Coming July 28, 2020
Dr. Nora Walsh has just been dumped in spectacular fashion, making it the perfect time for a major life change. She figures taking over the medical practice in tiny Matchmaker Bay for a couple of years will help her get over her broken heart, and then she can head back to the big city. But when the first man she sees looks like a superhero god, she wonders if maybe there’s something to small-town living after all.
Jake Ramsey also has a broken heart—one he never expects to heal. He doesn’t need people anyway and is content hiding out in his secluded cottage on the beach. But after helping Nora with a medical emergency, he finds himself opening up to the witty, warmhearted doctor. Soon the local matchmakers are working overtime to pair them off, and Jake begins to wonder if his campaign to get Nora to stay is for the town or because he can’t bear the thought of her leaving.
The first time Nora Walsh saw Jake Ramsey, he was getting his hair braided.
He was sitting in one of the chairs at Curl Up and Dye reading a copy of Field & Stream while a stylist did some kind of elaborate Maria von Trapp cross-scalp braiding thing to his long brown hair. The image was almost comical: this giant, beefy man sitting on a chair that looked like piece of dollhouse furniture compared to him. It was like Jason Momoa’s paler twin had shown up to play beauty parlor.
“Can I help you, hon?”
Nora transferred her attention from Aquaman to the older woman behind the reception desk. “Yes. Hi. I don’t have an appointment, but I was hoping to get my roots touched up. Or to make an appointment for later, if you can’t take me now.”
“Come on in.” The woman led her to the salon’s unoccupied chair—there were only two in the small space. “Carol Junior can take you after she’s finished with Jake.”
“Almost done.” The younger woman was a carbon copy of the older one, minus the wrinkles. “I’m just playing around.” She grabbed a hair elastic from her workstation, tied off the braid, and stood back to assess. “Well, that’s not going to win any awards.”
The man lowered his magazine, leaned forward to examine himself in the mirror, and shrugged. “Looks fine to me.”

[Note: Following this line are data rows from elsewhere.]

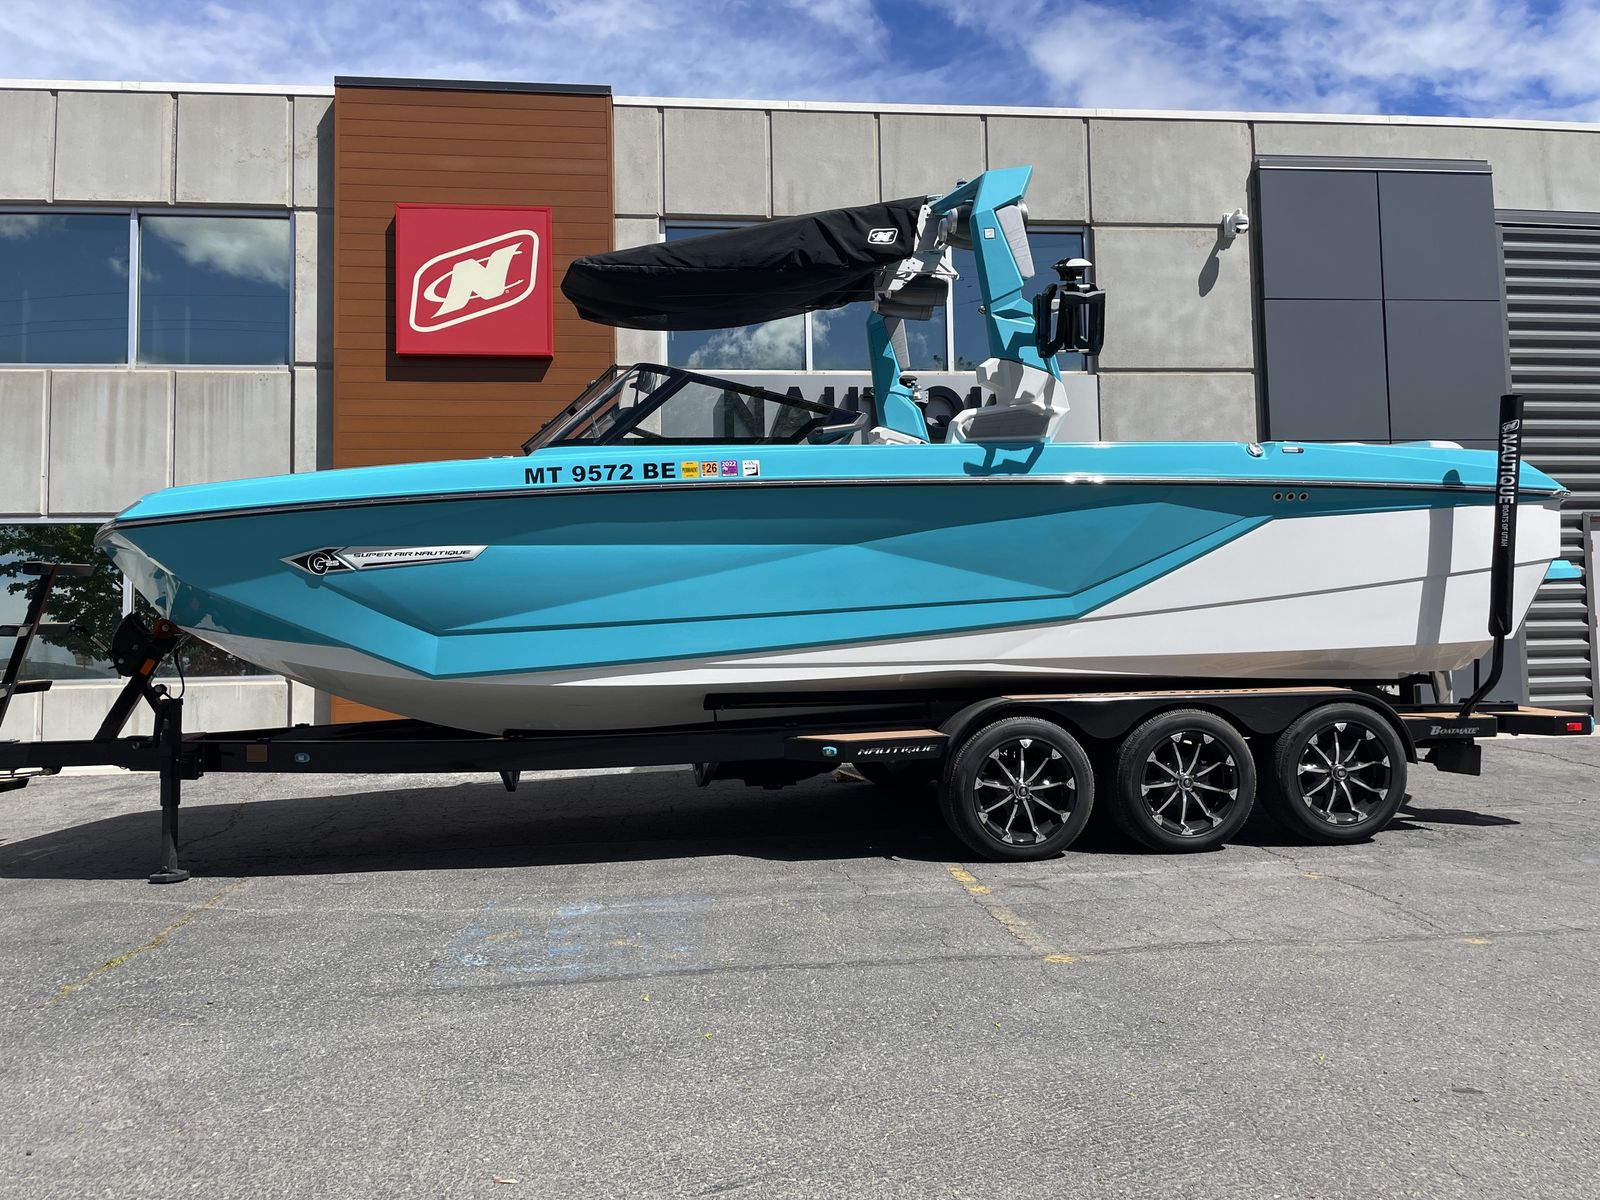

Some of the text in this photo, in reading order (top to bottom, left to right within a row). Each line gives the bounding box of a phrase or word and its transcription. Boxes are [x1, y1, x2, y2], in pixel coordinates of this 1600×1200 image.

[525, 462, 676, 484] MT 9572 BE
[706, 463, 718, 473] 26
[1499, 433, 1518, 504] NAUTIQUE
[1501, 523, 1509, 531] OF
[1500, 531, 1509, 547] UTAH
[857, 744, 938, 756] NAUTIQUE

The stylist patted him on the shoulder. “You’re such a good sport, Jake. Take that out, and we’ll get you washed.” She turned to Nora and gave a little shriek. “Oh my God! I love your hair.”

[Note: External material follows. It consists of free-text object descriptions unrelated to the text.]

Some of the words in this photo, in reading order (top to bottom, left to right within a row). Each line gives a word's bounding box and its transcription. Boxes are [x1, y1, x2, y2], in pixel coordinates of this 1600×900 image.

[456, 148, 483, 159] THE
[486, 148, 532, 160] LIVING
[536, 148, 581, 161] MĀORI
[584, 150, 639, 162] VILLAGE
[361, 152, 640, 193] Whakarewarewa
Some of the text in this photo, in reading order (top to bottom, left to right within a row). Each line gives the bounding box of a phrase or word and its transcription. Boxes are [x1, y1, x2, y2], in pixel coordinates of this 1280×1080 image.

Nora had a pixie cut. A very short, very platinum pixie cut. She’d wondered if it would stand out in Moonflower Bay, and it did. Pretty much all the women she’d seen so far—though admittedly, she’d only been in town a day—had long hair. She was afraid she would come off like the city girl who thought she was all that. But it wasn’t like she sported piercings or tattoos or anything. She just had really, really short hair.
Unlike the big dude next to her, who had started raking his fingers through his hair to undo his braid. She wondered why he bothered getting it done in the first place if he was just going to take it out.
He transferred his attention from his reflection to Nora, and as their eyes met in the mirror, there was a record scratch in Nora’s brain. It was like there was the normal, unremarkable, white-noise soundtrack of life unspooling as it always did, and then it just stopped.
She wondered if he felt it, too, because he blinked a few times and paused in undoing his hair.
His eyes were green. A green so intense that, together with his long, dark hair, it brought to mind something not quite human. If he had told her that he was part wolf, she might have believed him.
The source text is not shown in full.